**Stored data entries**
◆ ◆ ◆ ◆
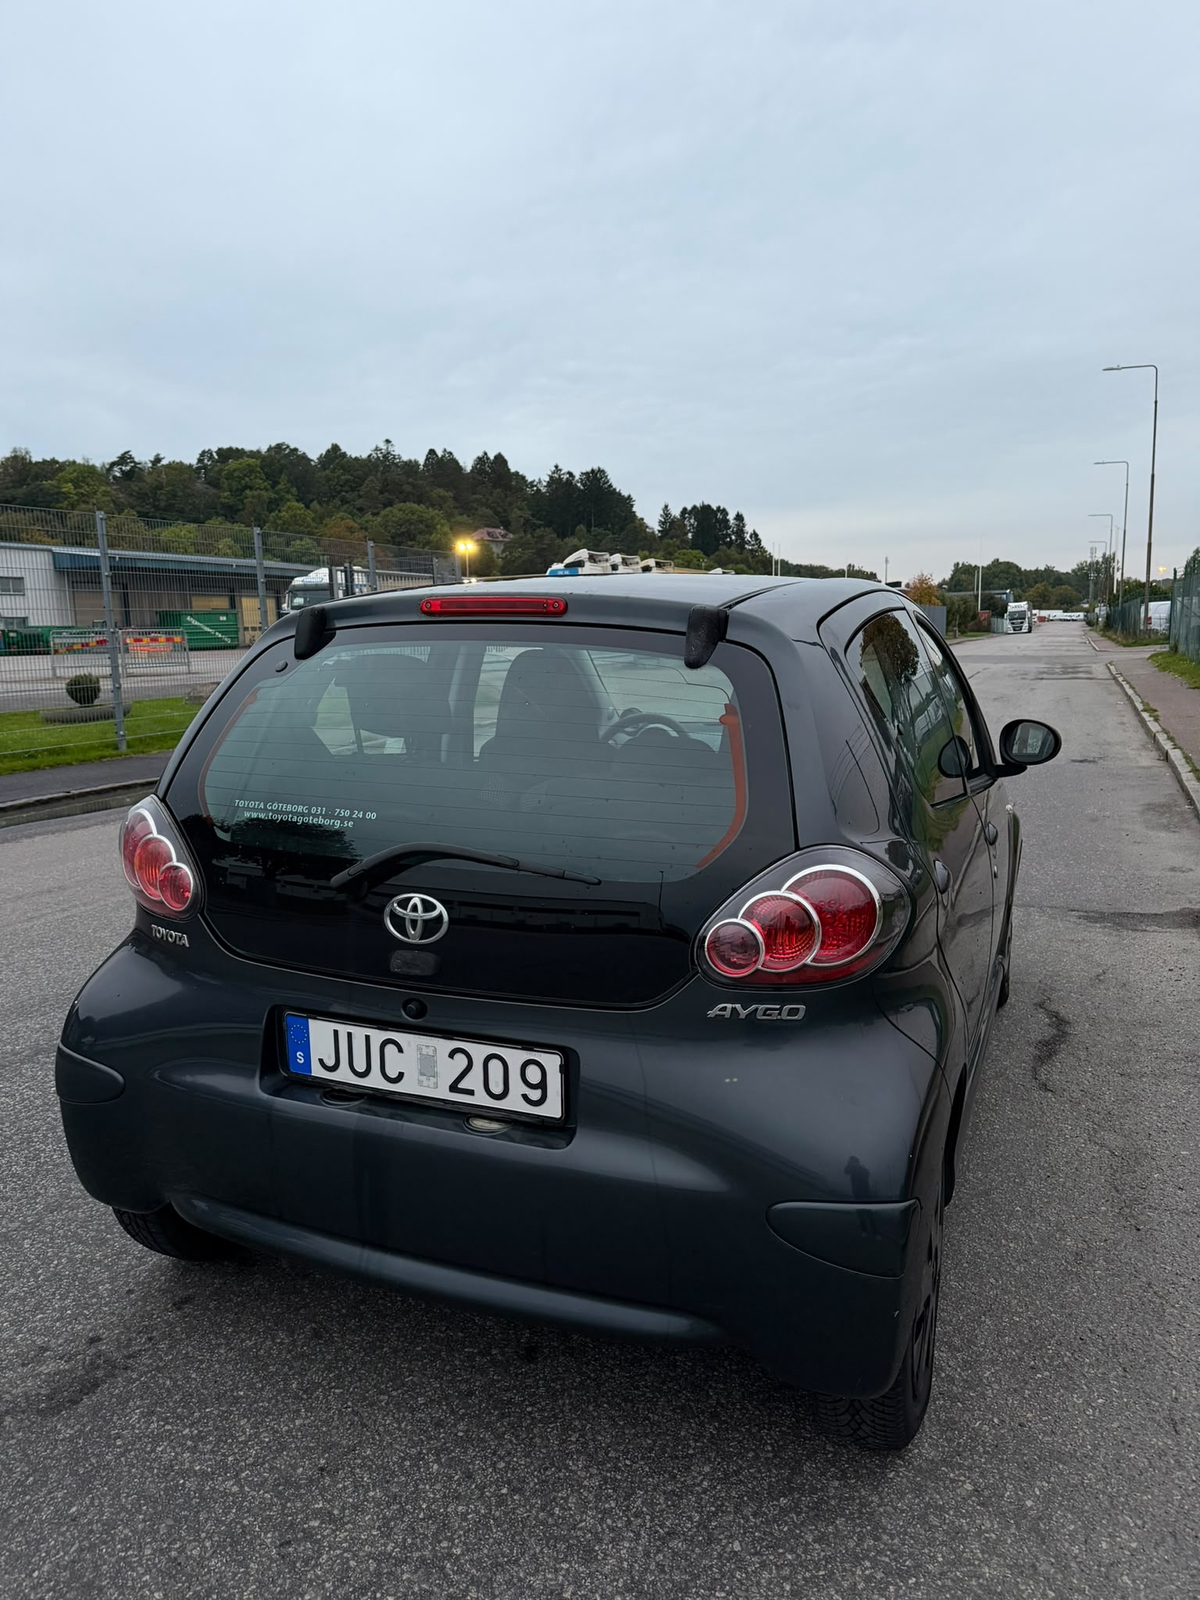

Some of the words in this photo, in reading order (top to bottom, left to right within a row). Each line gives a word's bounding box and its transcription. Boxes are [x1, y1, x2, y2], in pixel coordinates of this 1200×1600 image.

[234, 799, 264, 809] TOYOTA
[266, 801, 309, 813] GÖTEBORG
[311, 806, 326, 815] 031
[334, 808, 351, 817] 750
[352, 810, 363, 819] 24
[365, 811, 377, 820] 00
[243, 811, 354, 829] www.toyotagoteborg.se
[151, 924, 190, 948] TOYOTA
[707, 1003, 807, 1021] AYGO
[296, 1051, 305, 1064] S
[317, 1028, 405, 1085] JUC
[447, 1046, 548, 1107] 209
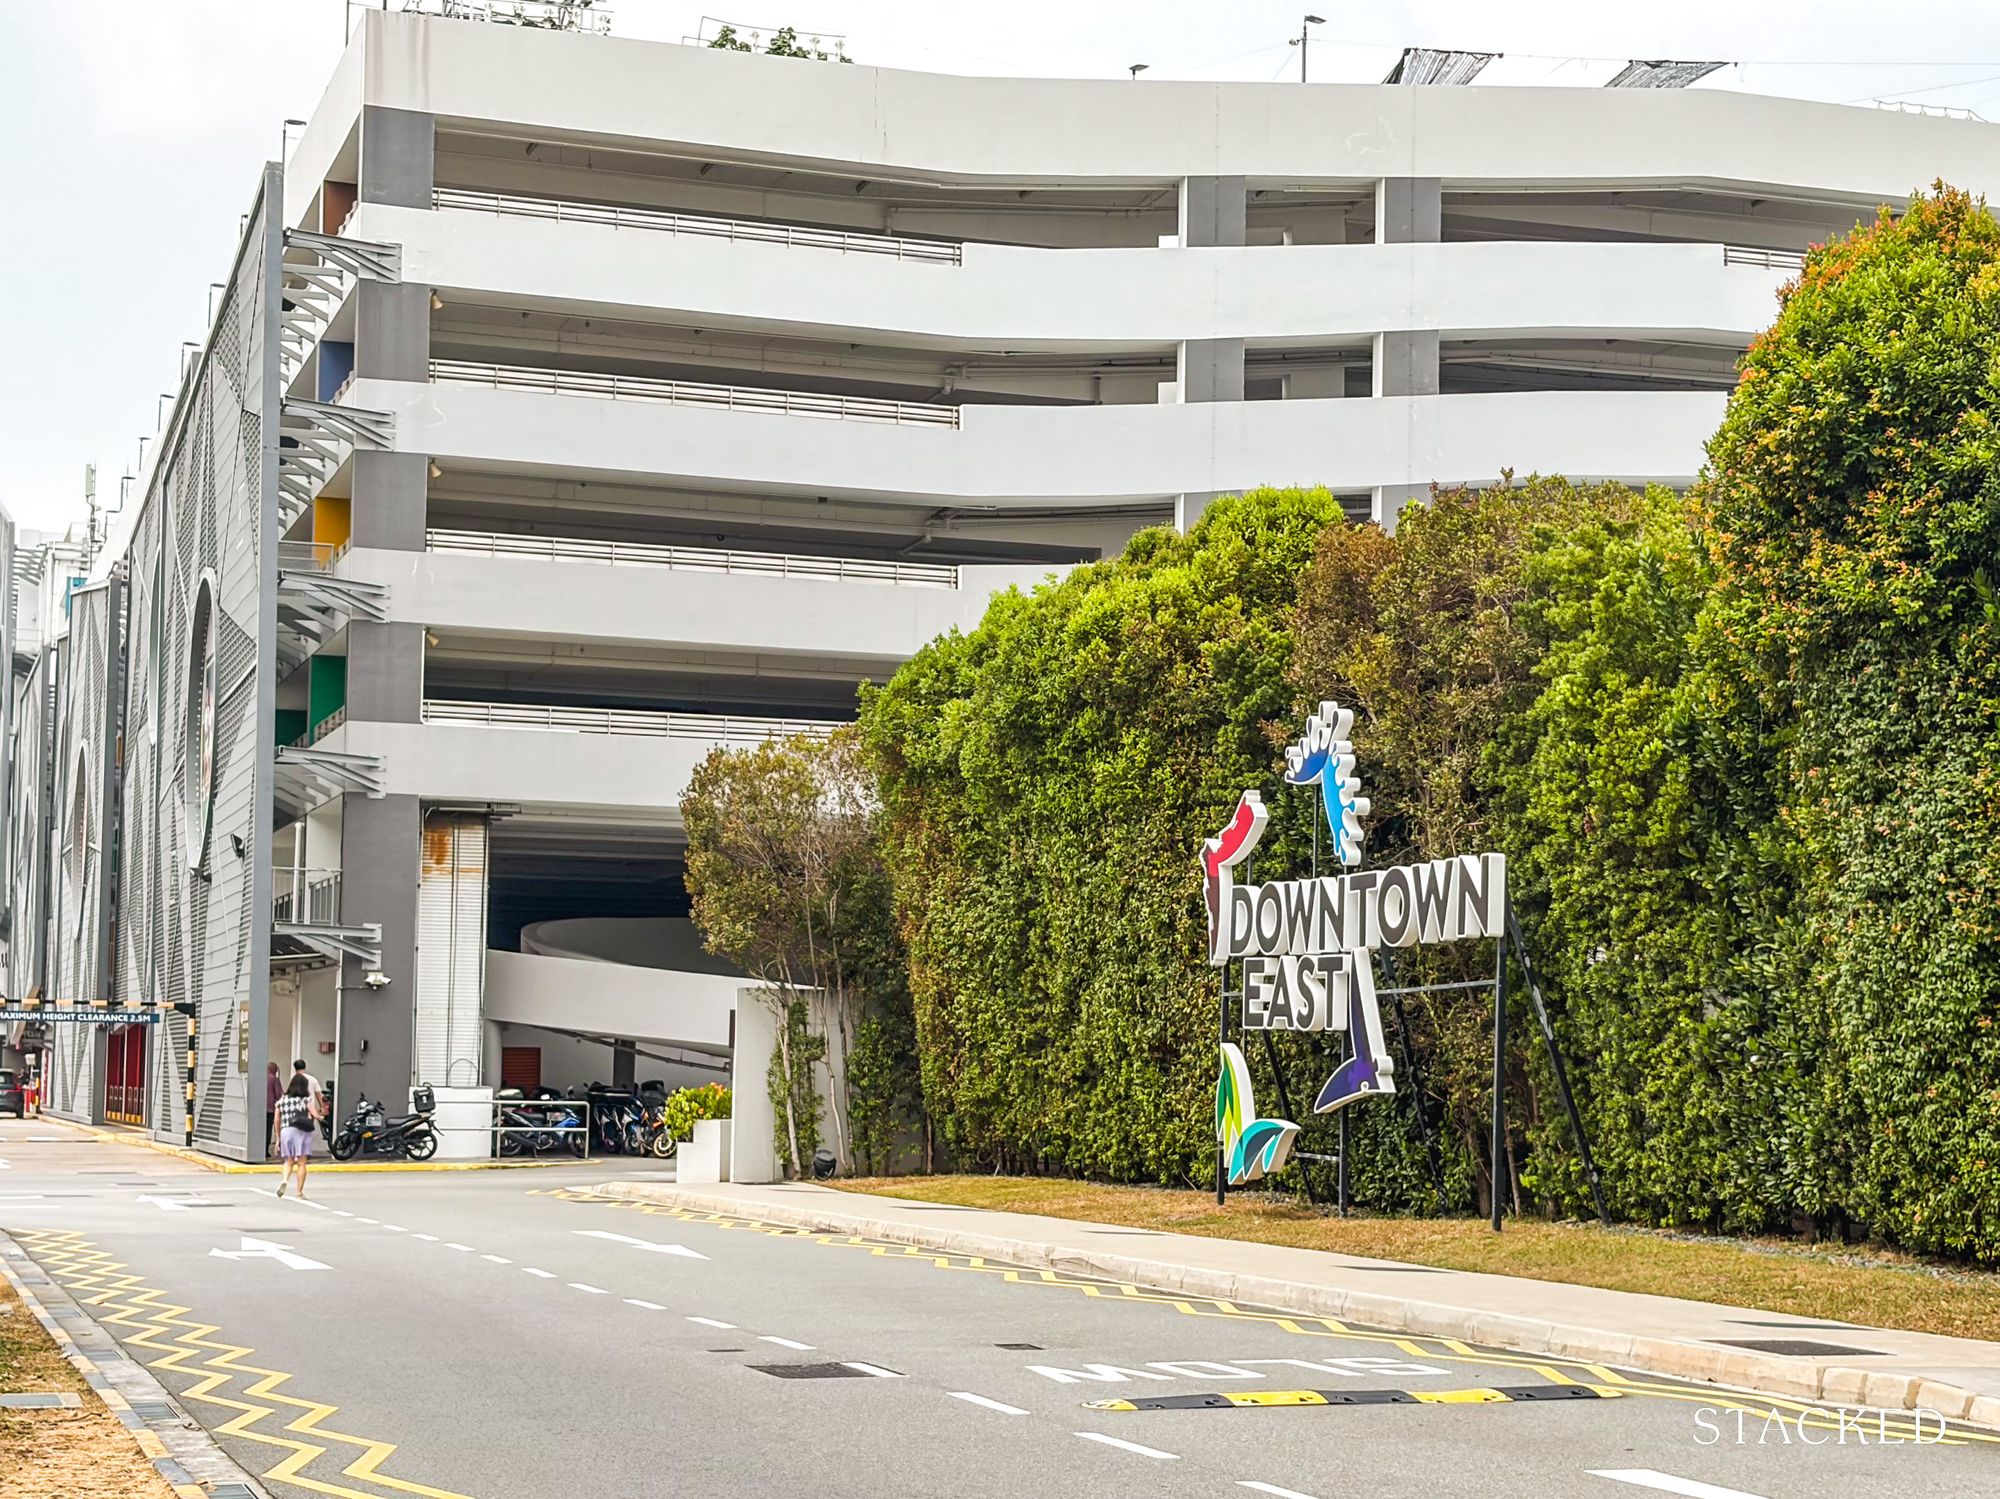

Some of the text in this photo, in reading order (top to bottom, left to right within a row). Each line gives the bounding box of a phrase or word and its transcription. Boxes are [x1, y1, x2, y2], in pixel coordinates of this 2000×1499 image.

[1230, 854, 1500, 955] DOWNTOWN
[42, 1012, 76, 1021] HEIGHT
[77, 1012, 128, 1022] CLEARANCE
[1244, 956, 1349, 1030] EAST
[1025, 1357, 1454, 1383] SLOW
◆ ◆ ◆ ◆
Copy each entry exactly as written. Images should not appear in the copy.

Some of the words in this photo, in reading order (top to bottom, left to right within a row). Each line gives a word's bounding box and its transcription. Boxes are [x1, y1, x2, y2], in pixel coordinates of this 1200×1600 image.

[234, 799, 264, 809] TOYOTA
[266, 801, 309, 813] GÖTEBORG
[311, 806, 326, 815] 031
[334, 808, 351, 817] 750
[352, 810, 363, 819] 24
[365, 811, 377, 820] 00
[243, 811, 354, 829] www.toyotagoteborg.se
[151, 924, 190, 948] TOYOTA
[707, 1003, 807, 1021] AYGO
[296, 1051, 305, 1064] S
[317, 1028, 405, 1085] JUC
[447, 1046, 548, 1107] 209

Some of the text in this photo, in reading order (top to bottom, left to right within a row). Each line gives the bounding box of a phrase or word and its transcription. Boxes are [x1, y1, x2, y2], in pixel coordinates of this 2000×1499 image.

[1230, 854, 1500, 955] DOWNTOWN
[42, 1012, 76, 1021] HEIGHT
[77, 1012, 128, 1022] CLEARANCE
[1244, 956, 1349, 1030] EAST
[1025, 1357, 1454, 1383] SLOW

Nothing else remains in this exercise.